El guía me dijo que saliera de ahí. Había mantenido distancia suficiente de los pingüinos, pero estaba parado sobre un pedazo de musgo antártico y no podía llevarme eso en las suelas cuando volviera al barco. Dejé a los pingüinos en paz y me fui a sentar sobre una piedra, por primera vez sin una cámara o una libreta de notas, solo para disfrutar la vista. Las montañas eran estupendas.
La especie más importante para mi reporte era la más difícil de percibir. Un crustáceo de no más de dos centímetros y medio, el krill, que vive en bancos en el mar y es uno de los alimentos privilegiados de los pingüinos, las ballenas y las focas. Pero a no ser que seas un pescador con una red, es difícil encontrarlo. No se nos ocurría ninguna manera de conseguir imágenes del pequeño ser.
El último día del crucero, un especialista a bordo del buque hizo una presentación sobre la pesca en la Antártida con un proyector. De repente apareció un krill gris proyectado sobre la pantalla y corrí al camarote a buscar a Eitan y mi cámara de video. Llegamos justo a tiempo para grabar y sacarle una foto a la imagen del bicho.

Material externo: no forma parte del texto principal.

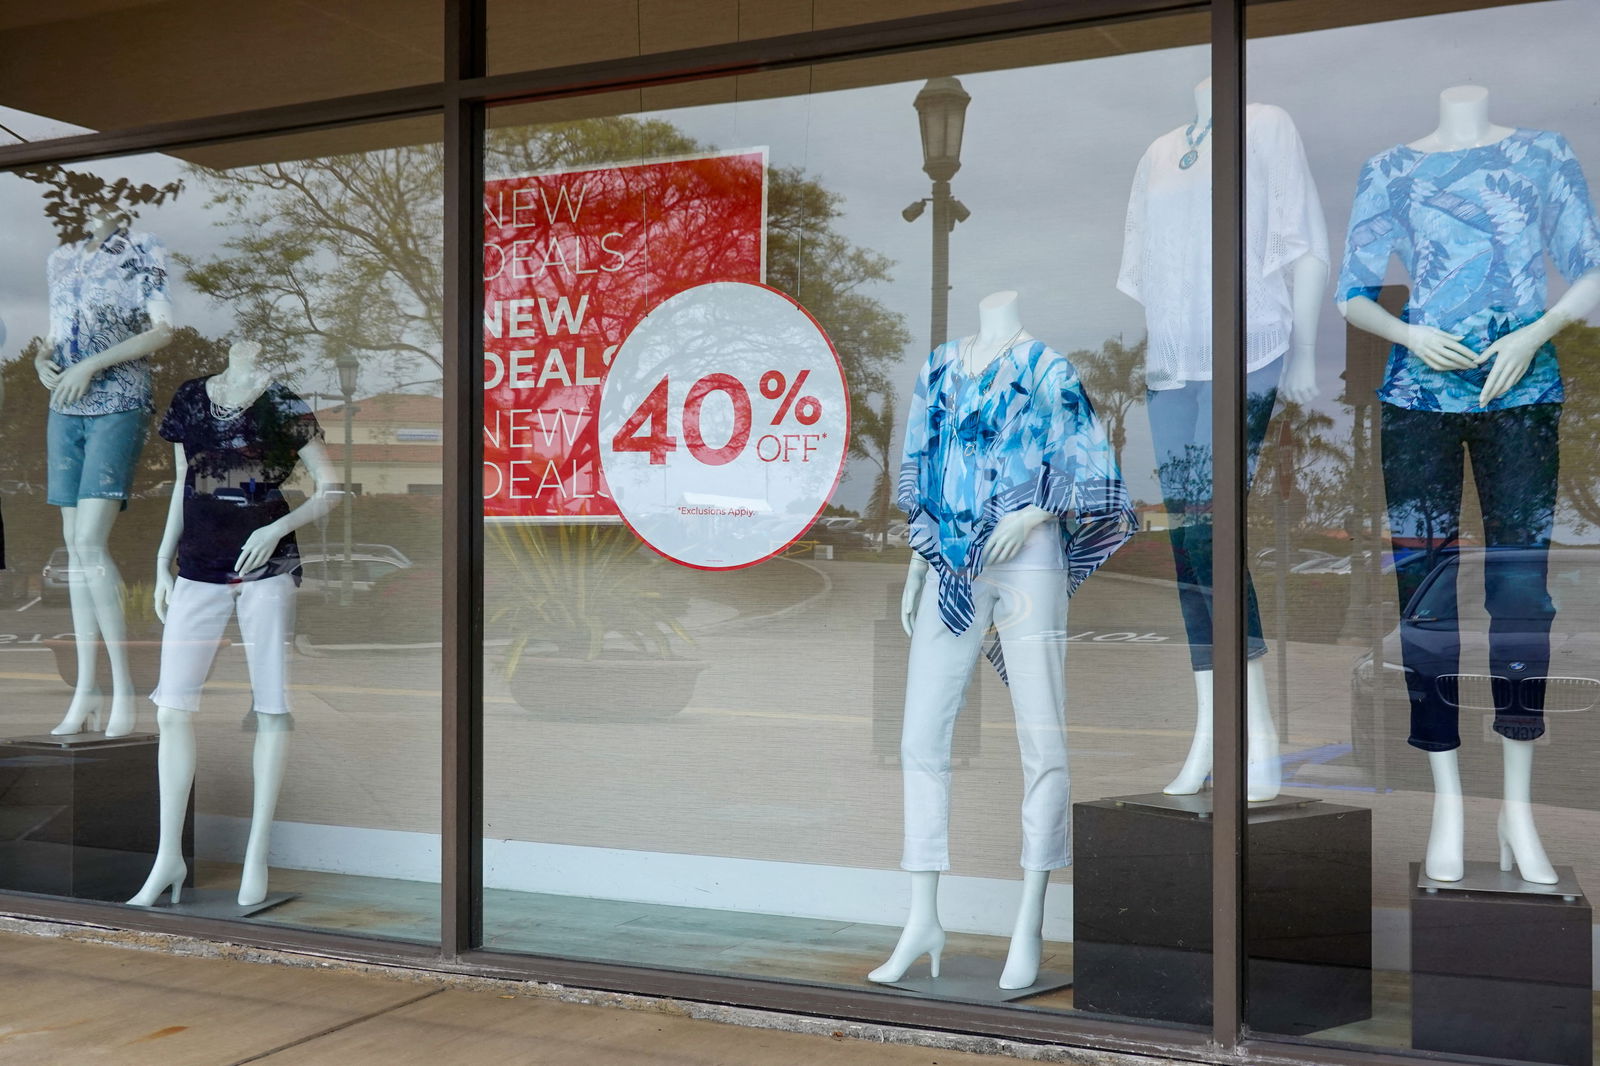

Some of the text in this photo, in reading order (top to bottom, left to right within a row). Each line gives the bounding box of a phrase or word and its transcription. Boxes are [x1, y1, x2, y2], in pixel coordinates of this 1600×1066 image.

Al fin pude relajarme. Tenía grabadas las imágenes que necesitaba y las entrevistas explicando la importancia del kril y la diferencia entre los pingüinos juanito y barbijo.
El viaje de vuelta a Argentina a través de las olas gigantes del Pasaje de Drake fue movido. El barco se sacudía. Saqué la mano de la cámara para darme vuelta y respirar hondo. El buque se tambaleó, el trípode se cayó y la cámara se estrelló contra el piso.
Mientras no paraba de dar vueltas en mi cama de noche intentando calmar las náuseas, leí el libro del explorador británico Ernest Shackleton sobre su fatídico viaje a la Antártida en 1914. En los tiempos anteriores al Gore-Tex, él y sus hombres sobrevivieron durante meses acampando sobre el hielo luego de que el mar se tragara su navío. Para sobrevivir mataban pingüinos. Eso ya no se puede hacer. El mundo de Shackleton era diferente del nuestro, pero estaba seguro de que él tenía algo para enseñarme. Aunque intentemos parecerlo, no somos aventureros, somos periodistas. Hacemos de cuenta que sabemos lo que estamos haciendo, aunque no podamos ver nada por la niebla, aunque las olas nos tambaleen o tengamos mierda hasta las rodillas. O mirando hacia la profundidad del mar con la esperanza de ver una ballena.